Despite the fact that apps are not as vulnerable to Cross-Site Scripting attacks, developers should follow a best practices guide to ensure that the code is secure:

• The application must be signed and provided with a valid certificate, as well as be published in release mode.
• The application captures and properly manages possible exceptions.
• The free security features of the tools, such as byte-code minification, stack protection, PIE support, and automatic reference counting, are enabled.
• Use tools that allow analyzing the source code to detect possible vulnerabilities such as SonarQube.

Measures against tampering and reverse engineering

We must prevent an attacker from manipulating our application or reverse engineering the code. To achieve this, there are several mechanisms that must be implemented:

• Application signing: One of the most important security techniques in Android is signing applications using public and private keys.

When compiling an application with all its components (texts, graphics, code...), each developer must secure it with their certificate so that the signature identifies the application and it is possible to know if it has been modified or remains intact. This is the only way to know if an app is fake or authentic: if the signature has been modified, if it exists, it will not correspond to the original developer.

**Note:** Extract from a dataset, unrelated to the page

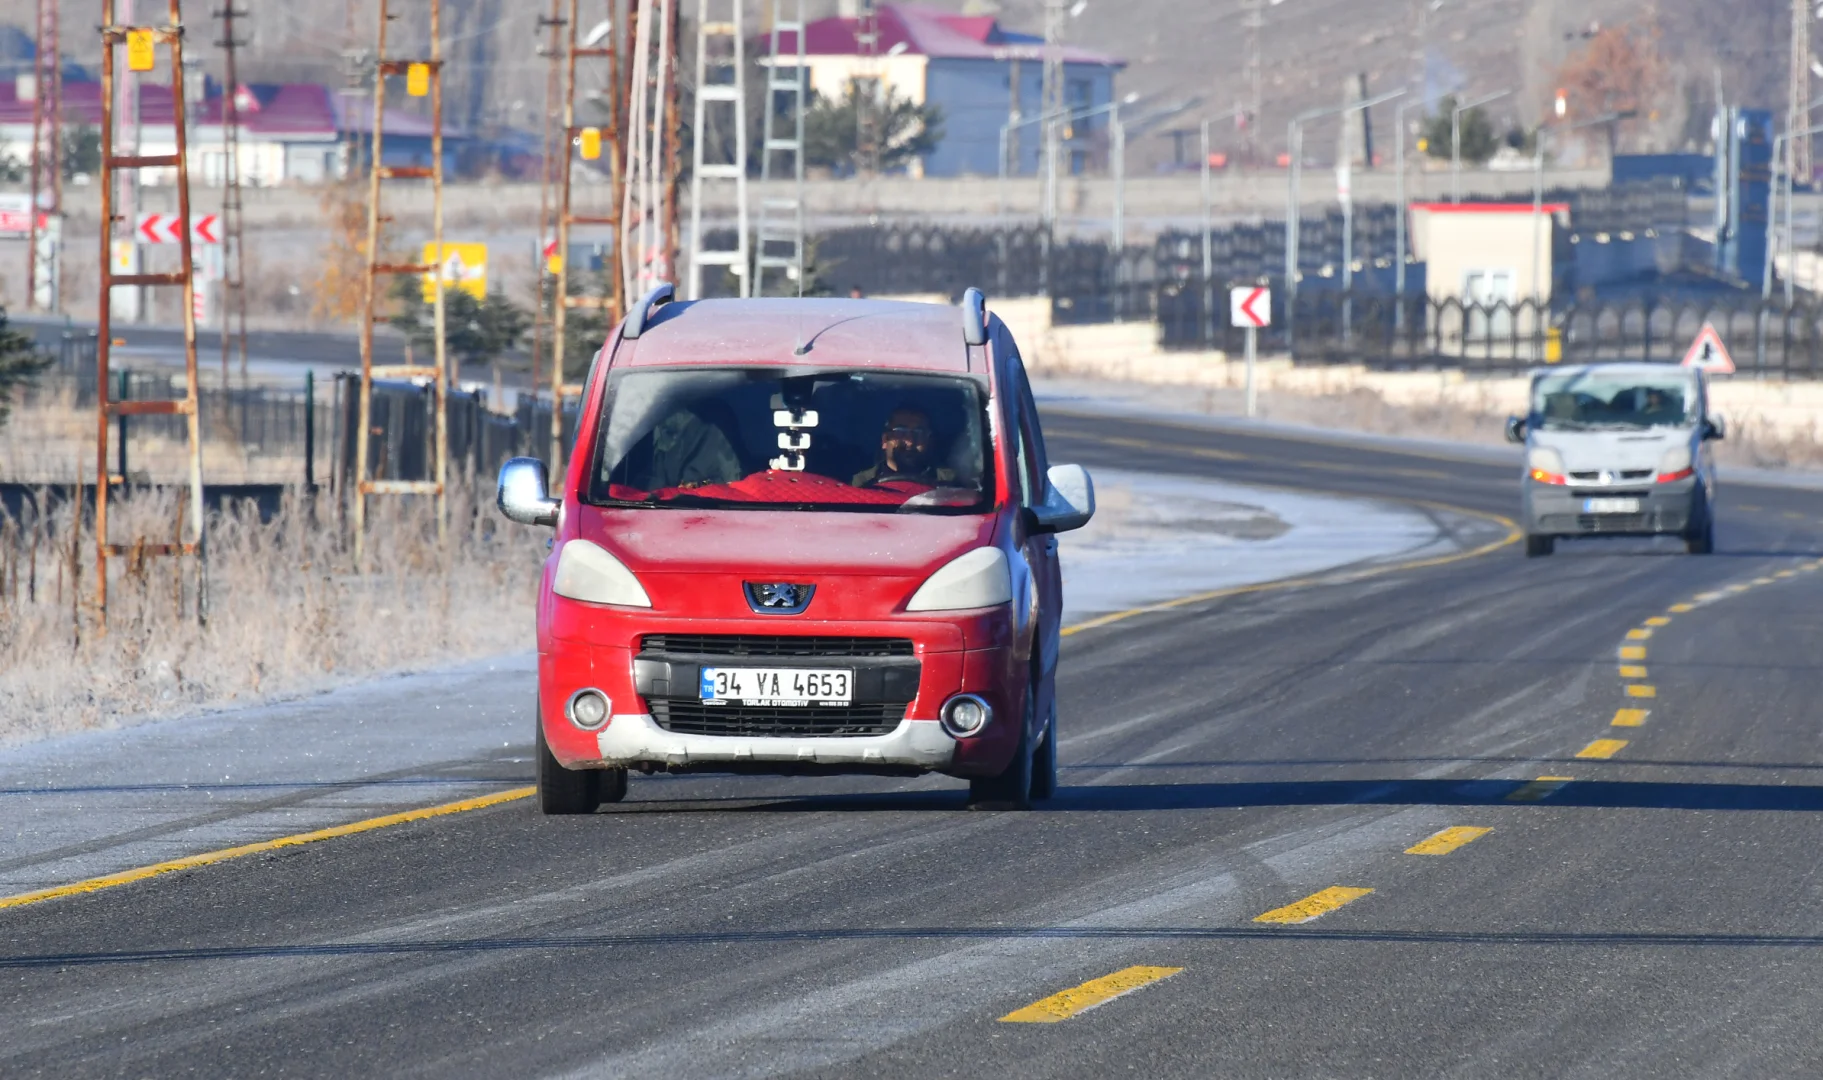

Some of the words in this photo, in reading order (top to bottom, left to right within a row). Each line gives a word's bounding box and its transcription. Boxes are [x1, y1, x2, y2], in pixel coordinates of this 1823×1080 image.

[704, 685, 714, 693] TR
[716, 672, 741, 695] 34
[794, 673, 847, 696] 4653

• Anti-Tamper: Anti-tamper techniques make it difficult for an attacker to modify software, by performing reverse engineering and validating its integrity for later modified use. To achieve this, it is verified that the application's signature is original and checksum verification mechanisms are applied.
• Code obfuscation: Code obfuscation allows to compress, optimize and make the code unreadable by renaming classes, fields, methods and names semantically. The result is a smaller application that is more complex to reverse engineer, making it difficult for malicious eyes to understand them.
• Verification of the installer's origin: With this technique, it is checked that the application has been distributed from a trusted source, avoiding having a copy of the apk on our device that may have been infected with malware.
• Anti-Debug: Anti-debug techniques make it difficult to debug an application, in order to apply certain actions that prevent an attacker from continuing the process. The simplest mechanism is through a property in the app's manifest itself, although it is recommended to dynamically check in several points if debugging is taking place or not.
• Anti-Emulator: If our application is running on an emulator outside the development process, it indicates that someone other than us is trying to analyze the application. Therefore, a good practice is to check that in a release version, the application is not being accessed through an emulator that facilitates attacking its security.
• Anti-Root: It should always be avoided whenever possible for an application to run on rooted devices, as they are much more vulnerable and allow access to the system and application reserved memory, compromising data persistence and therefore data privacy.
• Anti-Clone: mechanism to prevent the application from being cloned, in this regard the appropriate properties will be defined to prevent making a copy of the installed application and obtaining the binary that a potential attacker could use to apply reverse engineering techniques.
• Reliable device: Google has an anti-abuse API (SafetyNet Attestation API) that allows evaluating if the Android device running an application is reliable.

Conclusion

Every day we use more mobile applications and they are storing an increasing amount of sensitive user information. That is why it is very important to stay up to date on new security measures that emerge, and proactively apply them to our developments. The goal should not only be for the user to interact with a good UX, but also to do so with total security.

"Being aware of vulnerabilities is already half of security".